The records beneath should be printed exactly, and the pictures are to be left out.

### Records shown
------------------------------------------------
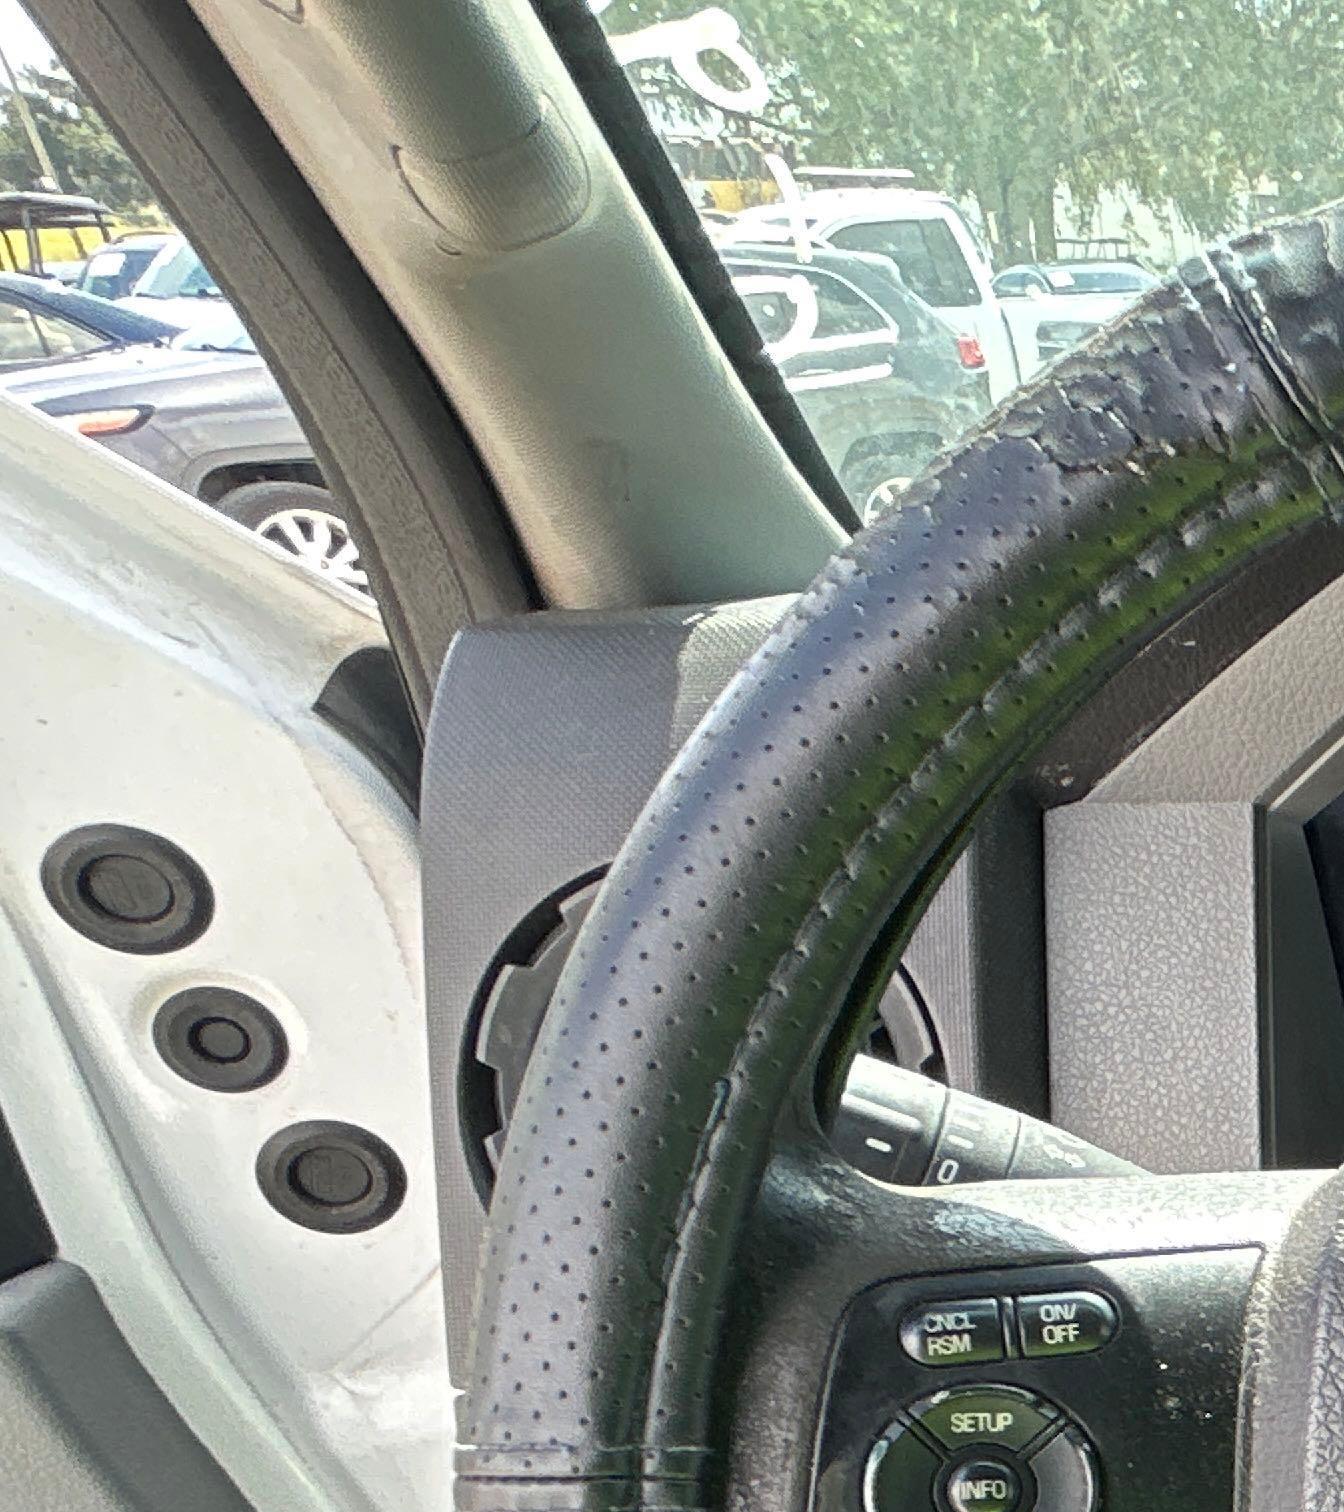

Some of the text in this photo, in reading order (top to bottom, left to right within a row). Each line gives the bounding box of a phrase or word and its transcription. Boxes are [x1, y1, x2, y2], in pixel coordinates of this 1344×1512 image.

[936, 1158, 960, 1184] 0
[924, 1312, 977, 1332] CNCL
[1040, 1303, 1077, 1322] ON/
[1042, 1323, 1080, 1344] OFF
[926, 1333, 972, 1356] RSM
[950, 1412, 1013, 1434] SETUP
[958, 1479, 1007, 1500] INFO
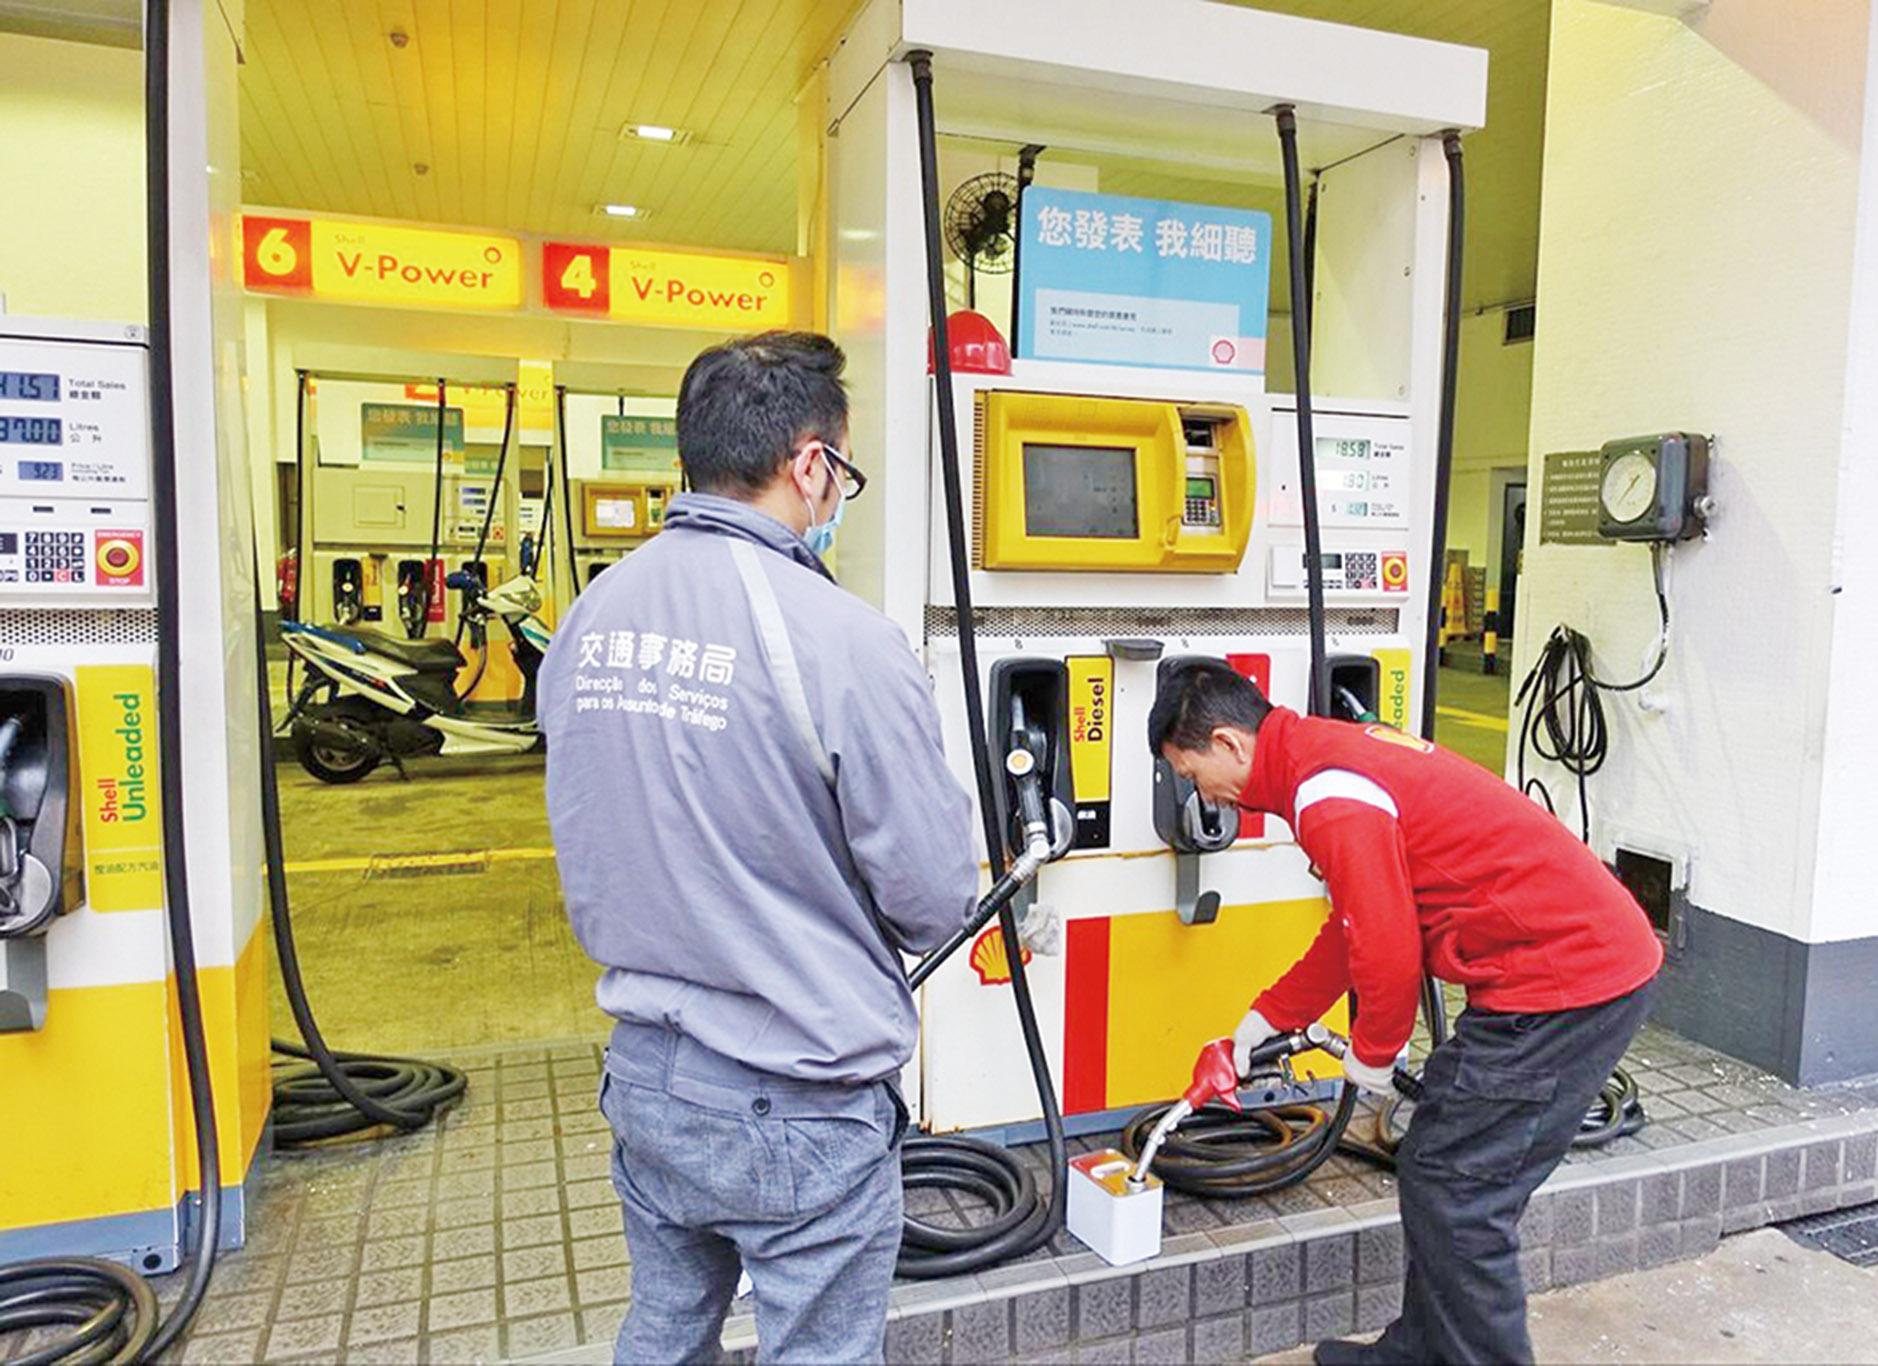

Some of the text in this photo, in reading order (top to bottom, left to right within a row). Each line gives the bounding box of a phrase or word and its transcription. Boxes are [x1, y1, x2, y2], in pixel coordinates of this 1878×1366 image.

[257, 228, 297, 276] 6
[1038, 207, 1257, 264] 您發表 我細聽
[337, 251, 494, 288] V-Power
[561, 255, 596, 299] 4
[632, 276, 768, 311] V-Power
[579, 630, 736, 685] 交通事務局
[668, 684, 728, 710] Serviços
[1087, 677, 1104, 741] Diesel
[1074, 706, 1085, 743] Shell
[113, 693, 147, 821] Unleaded
[98, 778, 118, 822] Shell
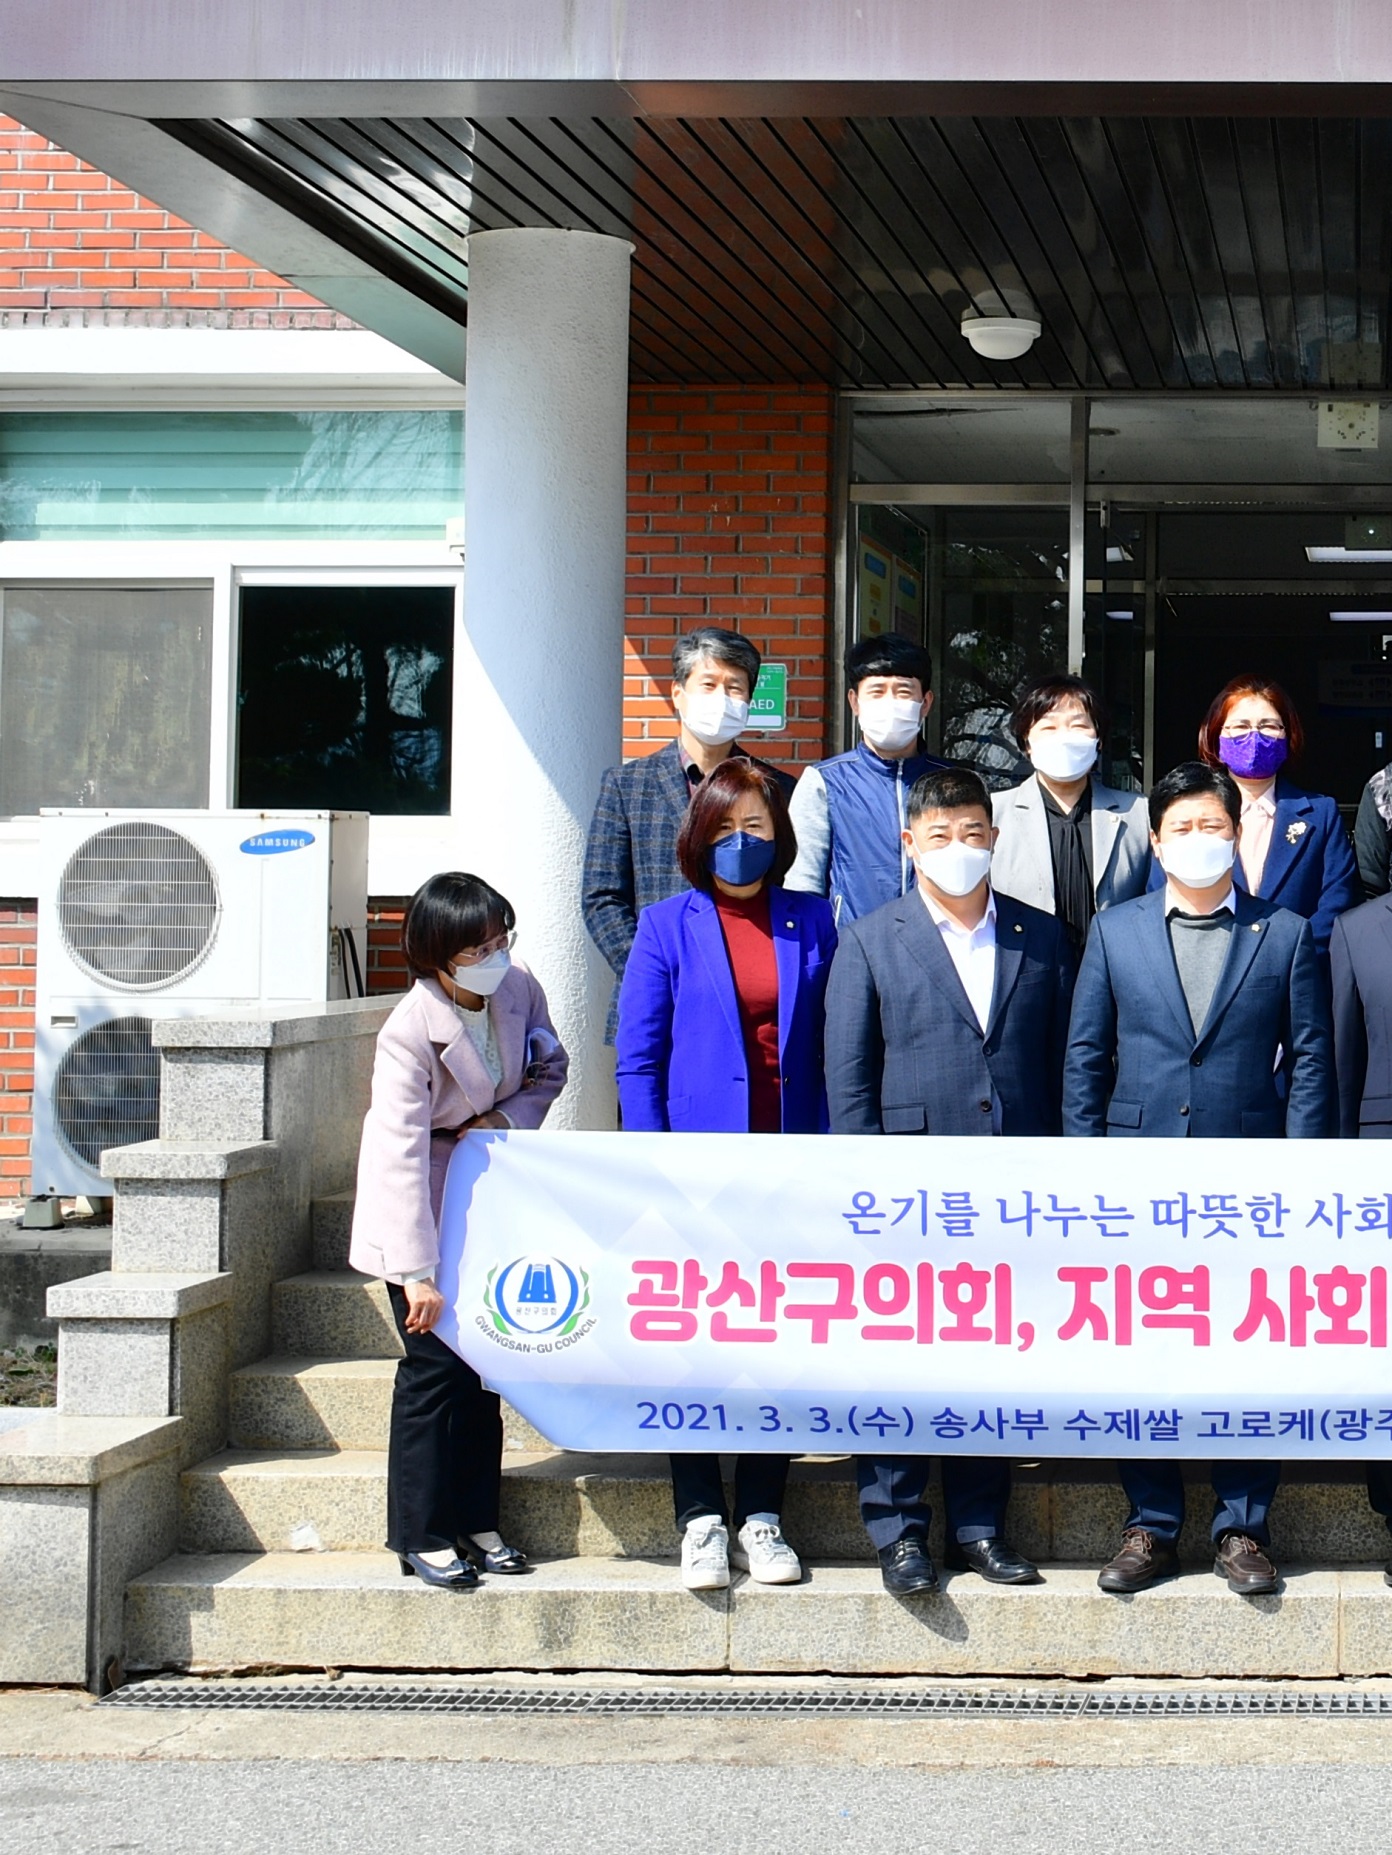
------------------------------------------------
### Written reply
Some of the text in this photo, in reading order (top to bottom, left to right within a row). Each line gives the bounding box of a phrase or word and its transcription. Boxes are [x1, y1, x2, y2], in pixel coordinates of this 1344×1512 image.

[936, 1158, 960, 1184] 0
[924, 1312, 977, 1332] CNCL
[1040, 1303, 1077, 1322] ON/
[1042, 1323, 1080, 1344] OFF
[926, 1333, 972, 1356] RSM
[950, 1412, 1013, 1434] SETUP
[958, 1479, 1007, 1500] INFO

Some of the text in this photo, in reading order (top to bottom, left to right within a row). Each line gives the bounding box of a phrase or word and its transcription. Boxes are [x1, y1, x2, y2], in pixel coordinates of this 1878×1366 image.

[257, 228, 297, 276] 6
[1038, 207, 1257, 264] 您發表 我細聽
[337, 251, 494, 288] V-Power
[561, 255, 596, 299] 4
[632, 276, 768, 311] V-Power
[579, 630, 736, 685] 交通事務局
[668, 684, 728, 710] Serviços
[1087, 677, 1104, 741] Diesel
[1074, 706, 1085, 743] Shell
[113, 693, 147, 821] Unleaded
[98, 778, 118, 822] Shell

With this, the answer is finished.